So long as no pictures are carried over, output the records below exactly.

[Text-to-region grounding data]
'''

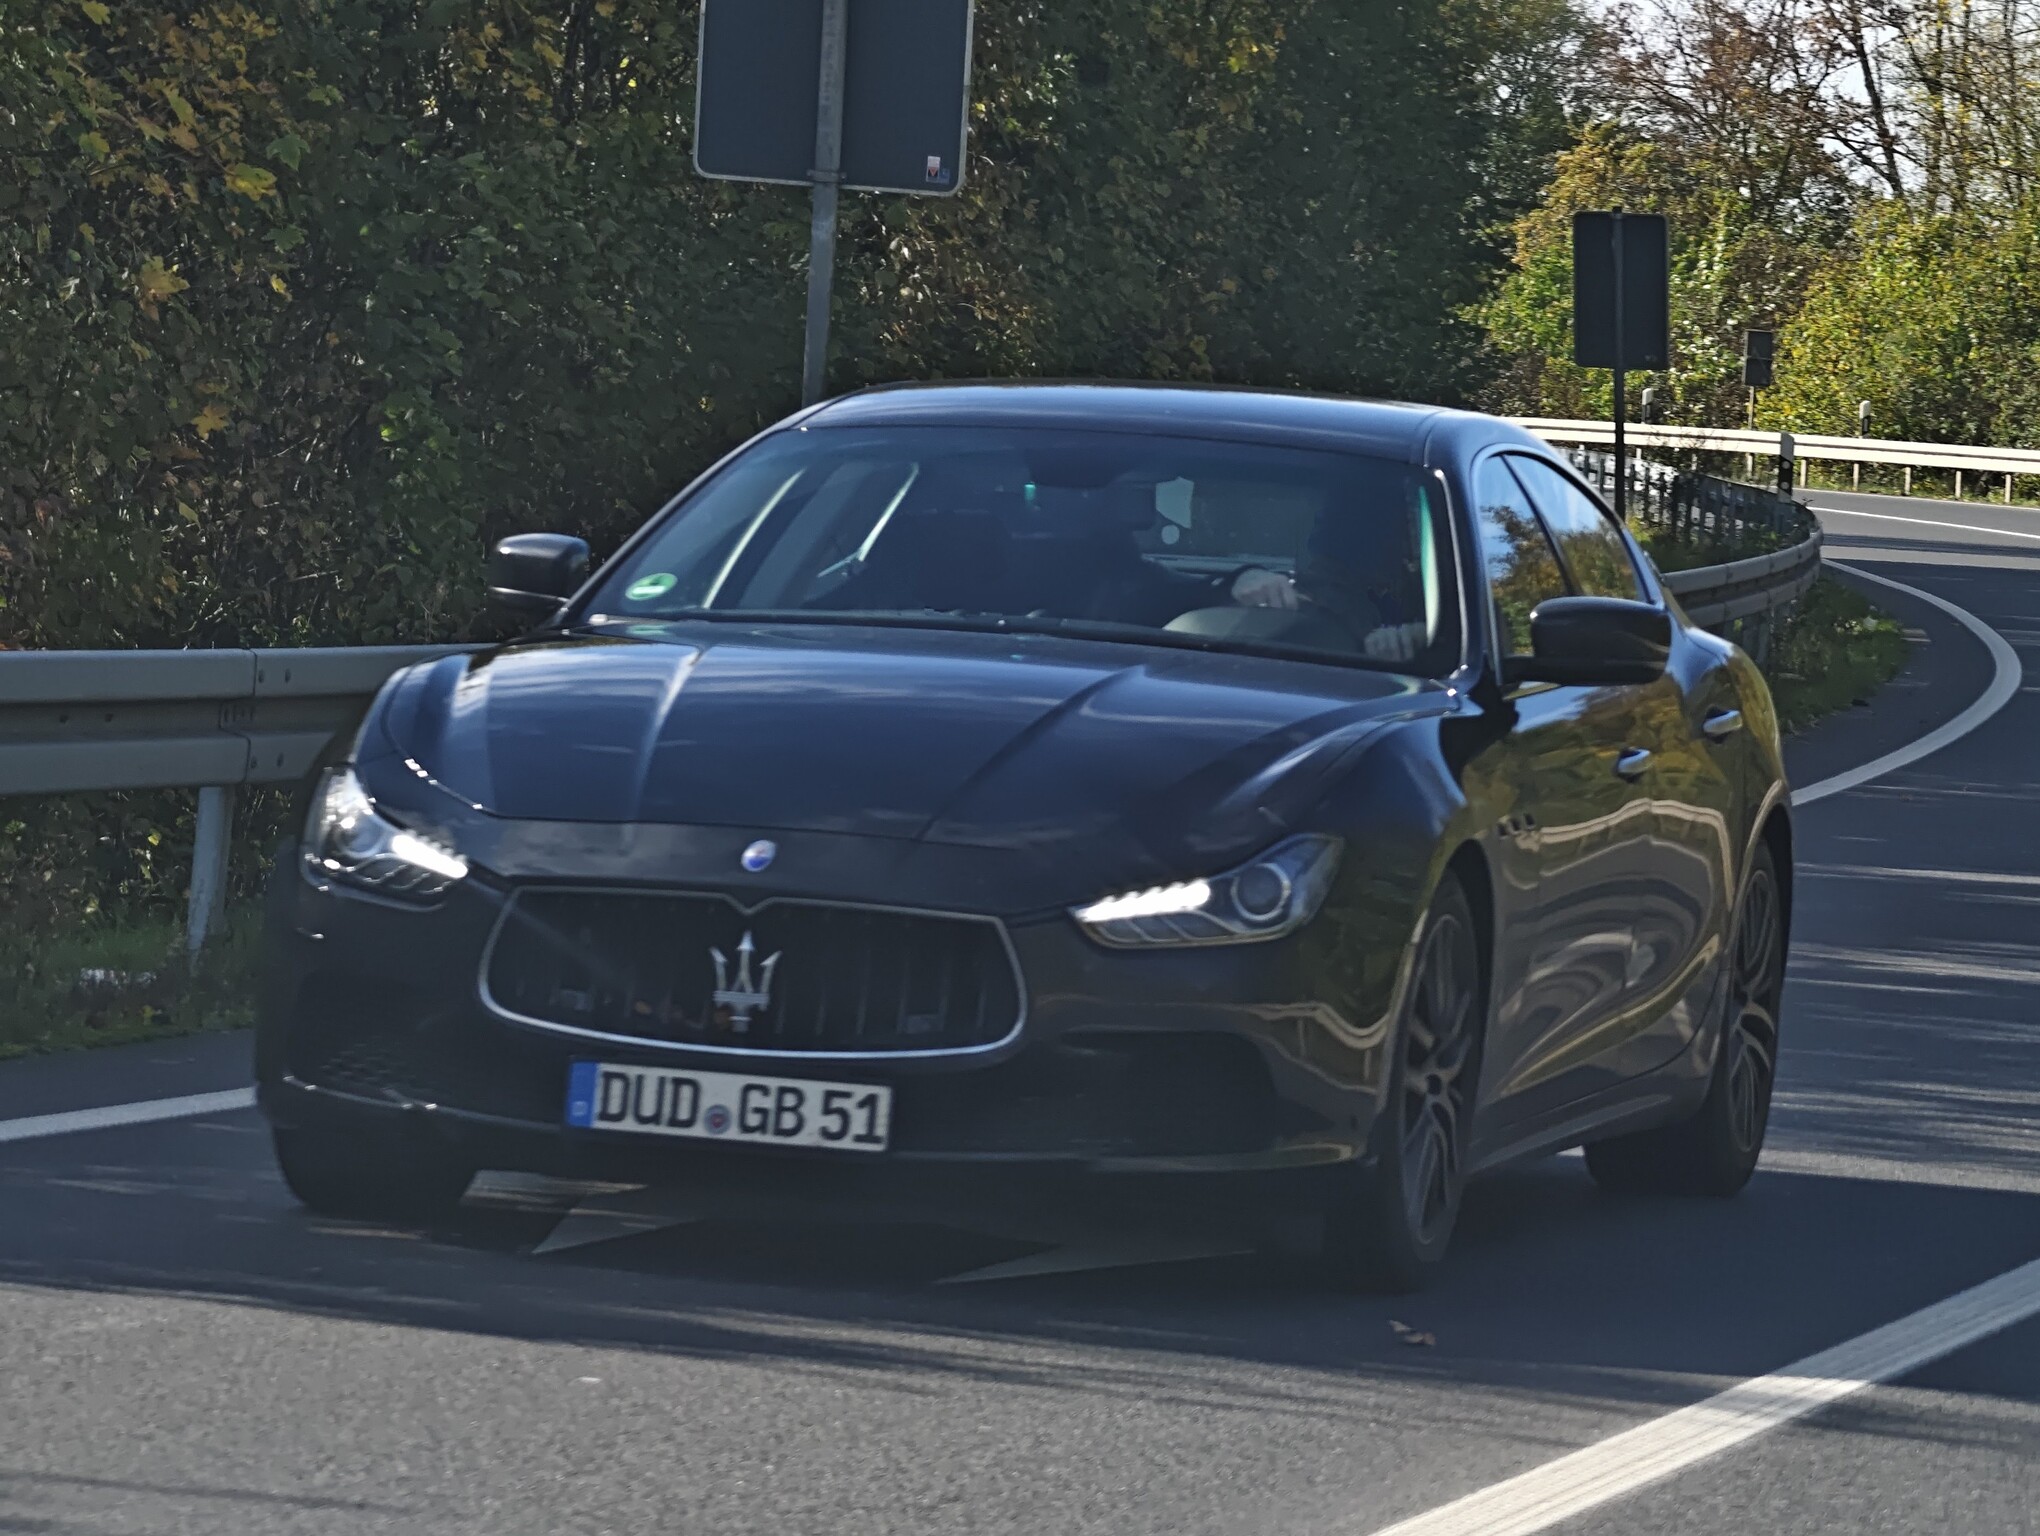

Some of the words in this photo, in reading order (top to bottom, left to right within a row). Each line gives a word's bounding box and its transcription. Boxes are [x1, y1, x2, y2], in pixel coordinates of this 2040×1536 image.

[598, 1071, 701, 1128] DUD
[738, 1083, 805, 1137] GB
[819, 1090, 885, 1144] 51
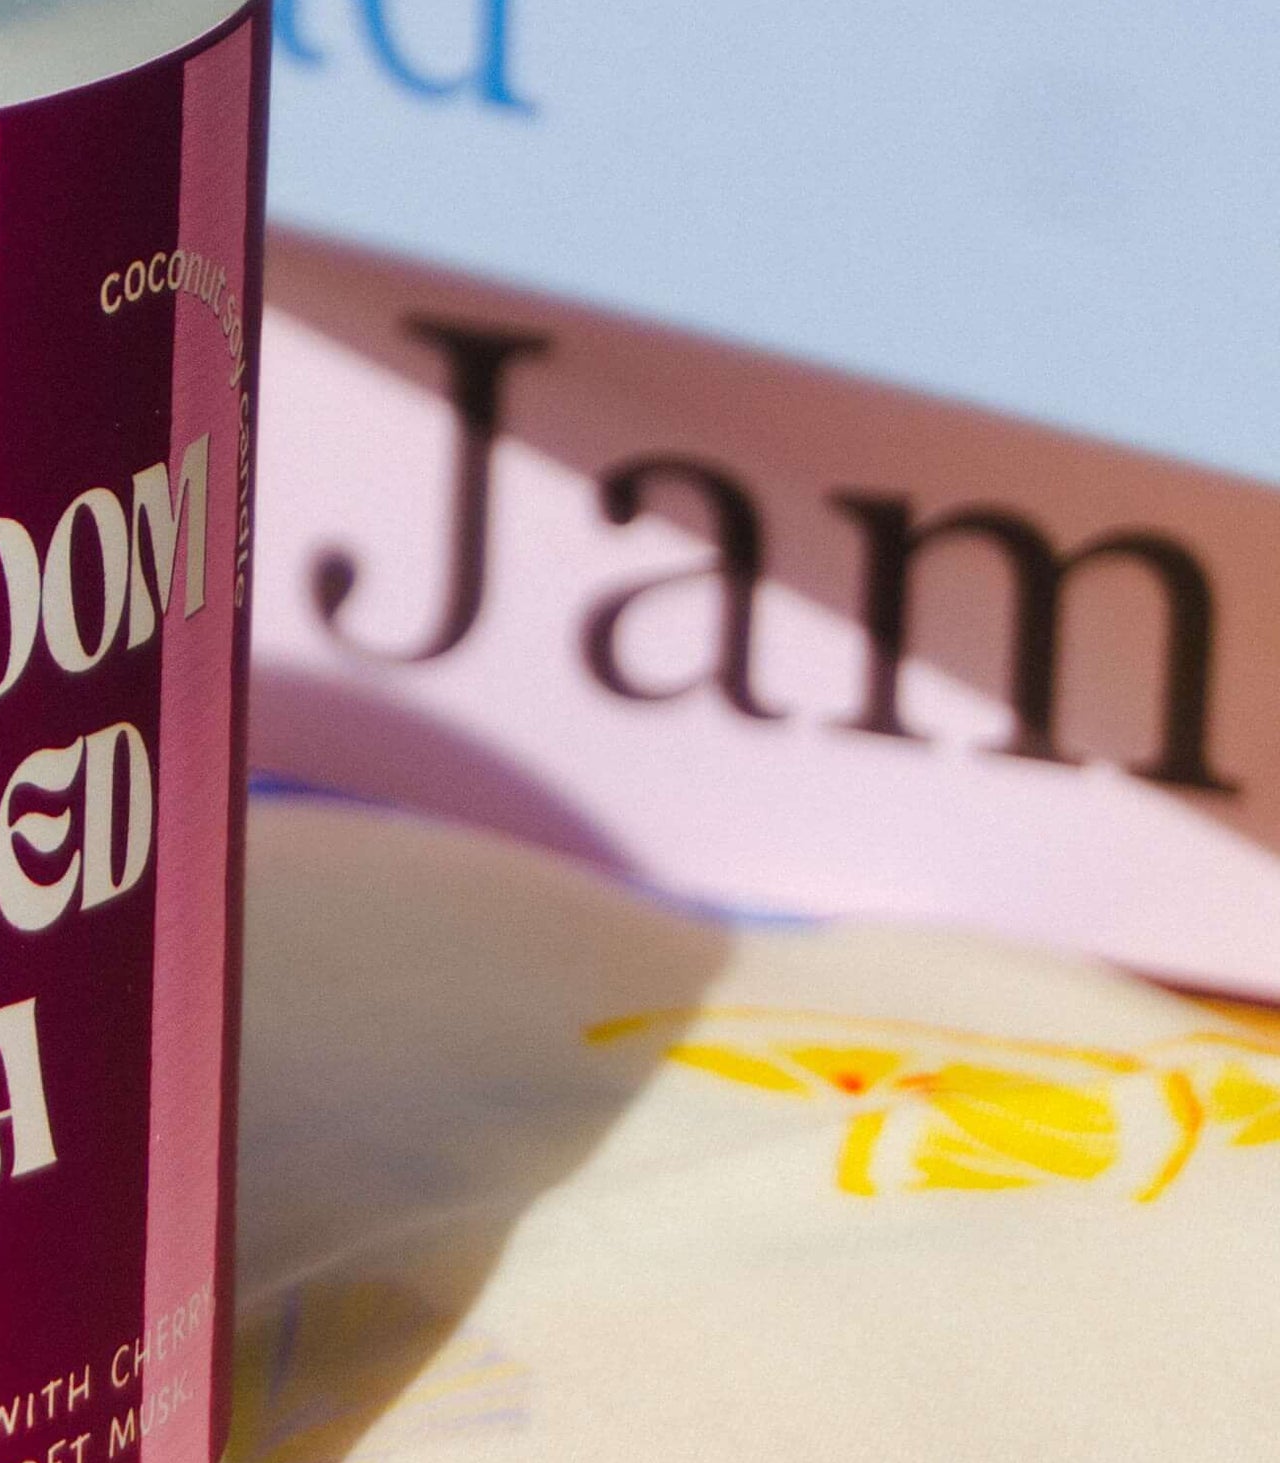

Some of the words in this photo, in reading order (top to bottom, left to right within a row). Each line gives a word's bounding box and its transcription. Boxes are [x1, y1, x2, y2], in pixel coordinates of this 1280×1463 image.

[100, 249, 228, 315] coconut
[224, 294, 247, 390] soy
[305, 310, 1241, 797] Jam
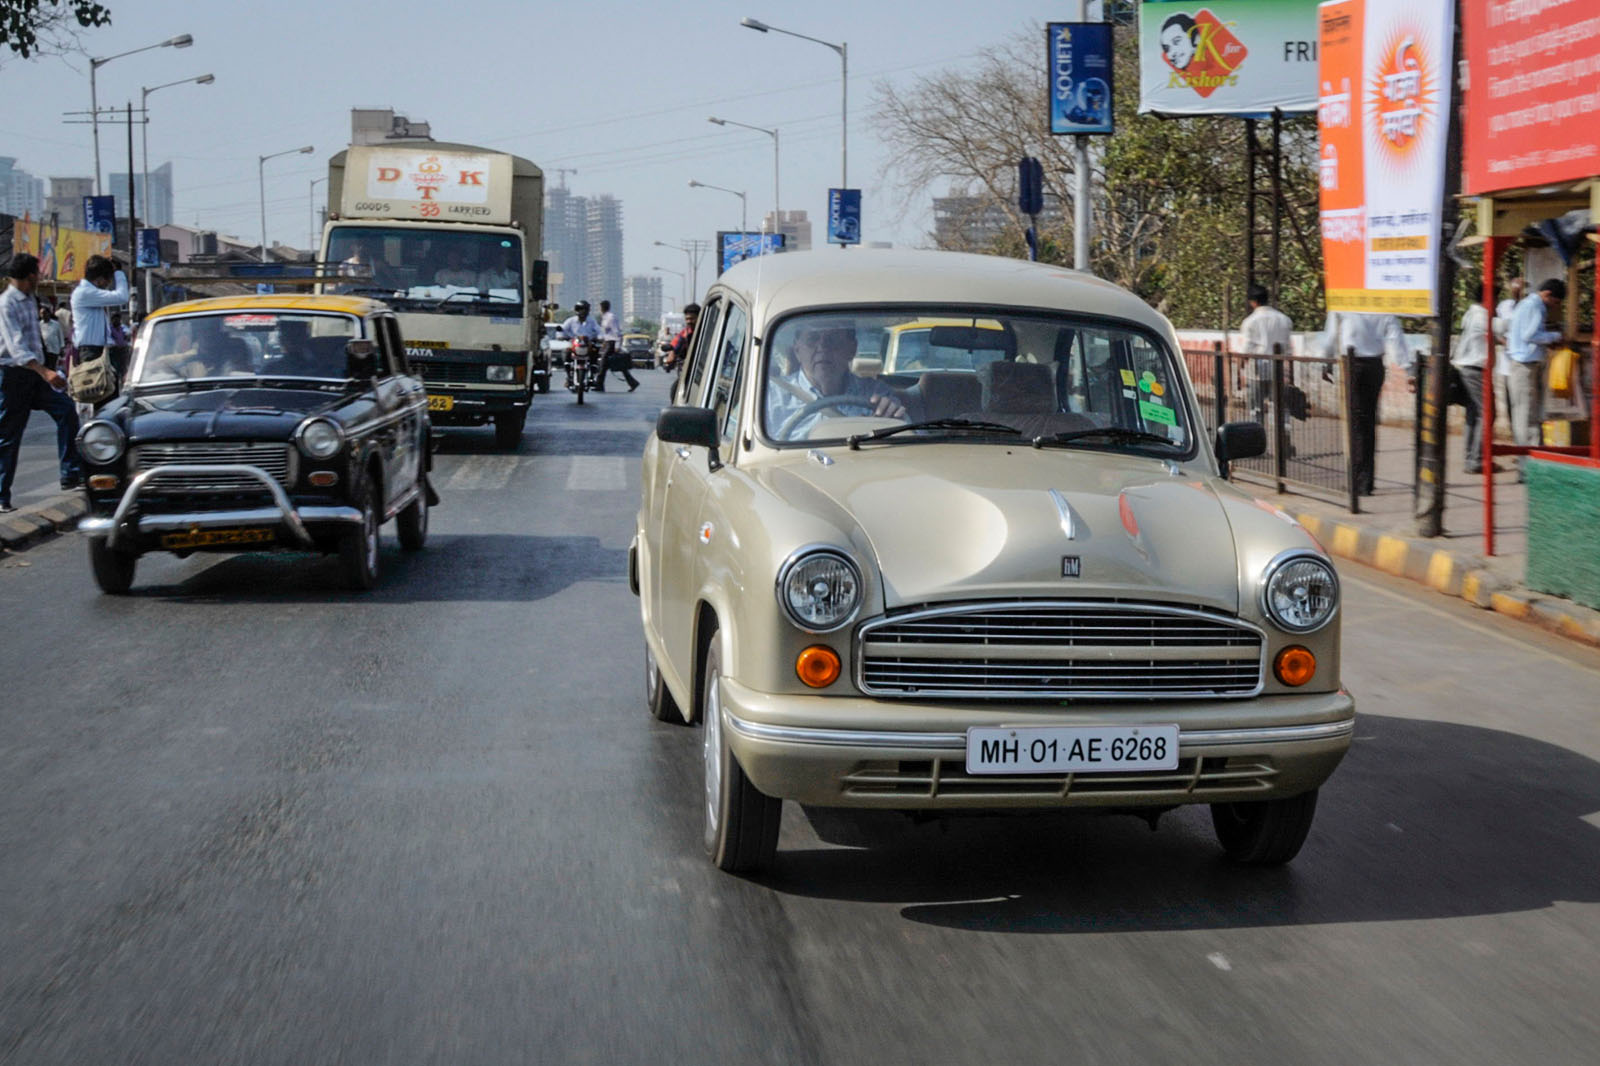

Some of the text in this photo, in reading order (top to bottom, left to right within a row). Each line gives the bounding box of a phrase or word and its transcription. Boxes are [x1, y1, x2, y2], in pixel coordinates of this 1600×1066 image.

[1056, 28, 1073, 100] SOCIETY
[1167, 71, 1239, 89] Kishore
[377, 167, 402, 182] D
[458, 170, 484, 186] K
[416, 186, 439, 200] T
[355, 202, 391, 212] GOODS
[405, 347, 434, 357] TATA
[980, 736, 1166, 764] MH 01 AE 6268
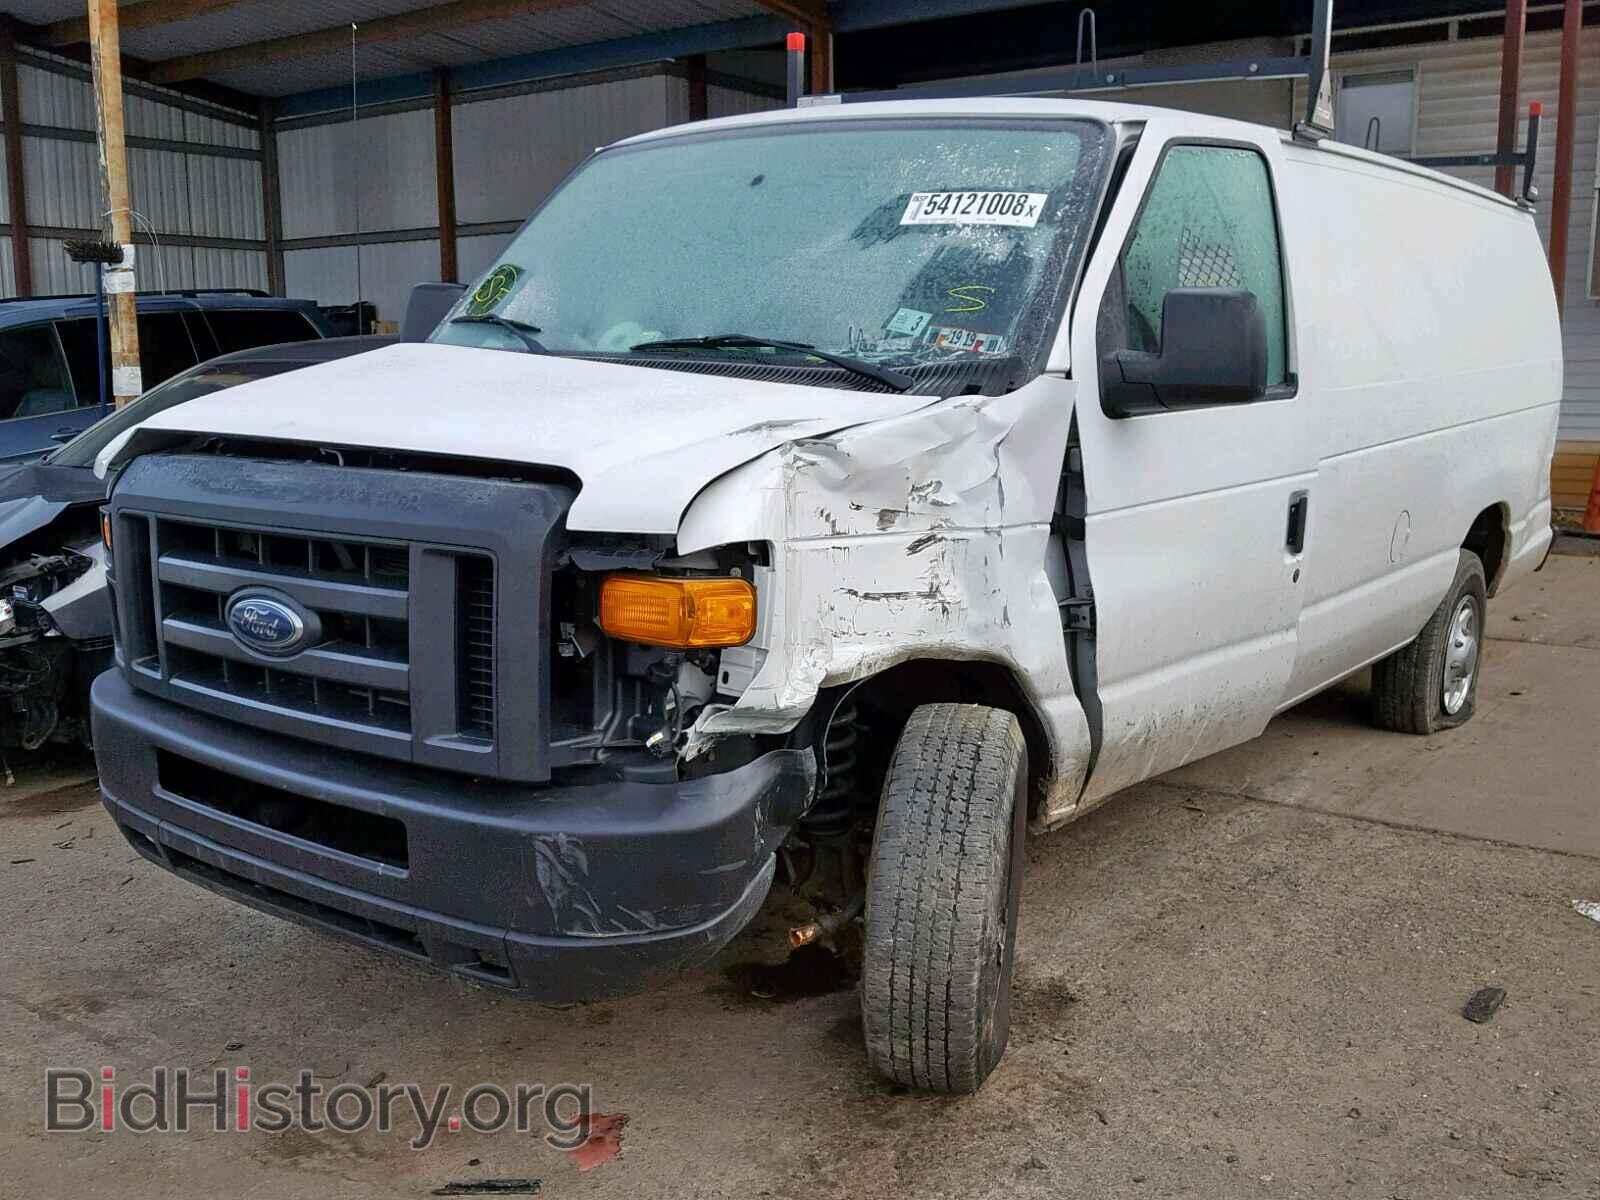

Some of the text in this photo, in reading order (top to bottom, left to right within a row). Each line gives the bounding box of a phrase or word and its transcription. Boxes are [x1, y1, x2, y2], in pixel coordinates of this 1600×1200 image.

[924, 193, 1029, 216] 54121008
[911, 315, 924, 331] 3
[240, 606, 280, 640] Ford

'''

Reply
Some of the words in this photo, in reading order (top to bottom, left to right within a row). Each line gives a word's bounding box and its transcription. Boxes are [x1, y1, x2, y2], in pixel coordinates of this 2040×1536 image.

[598, 1071, 701, 1128] DUD
[738, 1083, 805, 1137] GB
[819, 1090, 885, 1144] 51

Some of the words in this photo, in reading order (top to bottom, left to right within a row). Each line gives a word's bounding box and its transcription. Boxes are [x1, y1, x2, y2], in pixel coordinates of this 1280×1463 image.

[100, 249, 228, 315] coconut
[224, 294, 247, 390] soy
[305, 310, 1241, 797] Jam

Some of the text in this photo, in reading order (top to bottom, left to right within a row). Each line gives the bounding box of a phrase or word and its transcription. Boxes are [x1, y1, x2, y2], in pixel coordinates of this 1600×1066 image.

[1056, 28, 1073, 100] SOCIETY
[1167, 71, 1239, 89] Kishore
[377, 167, 402, 182] D
[458, 170, 484, 186] K
[416, 186, 439, 200] T
[355, 202, 391, 212] GOODS
[405, 347, 434, 357] TATA
[980, 736, 1166, 764] MH 01 AE 6268

Some of the text in this photo, in reading order (top to bottom, left to right within a row). Each line gives the bounding box of a phrase or word and its transcription. Boxes are [x1, y1, x2, y2], in pixel coordinates of this 1600×1200 image.

[924, 193, 1029, 216] 54121008
[911, 315, 924, 331] 3
[240, 606, 280, 640] Ford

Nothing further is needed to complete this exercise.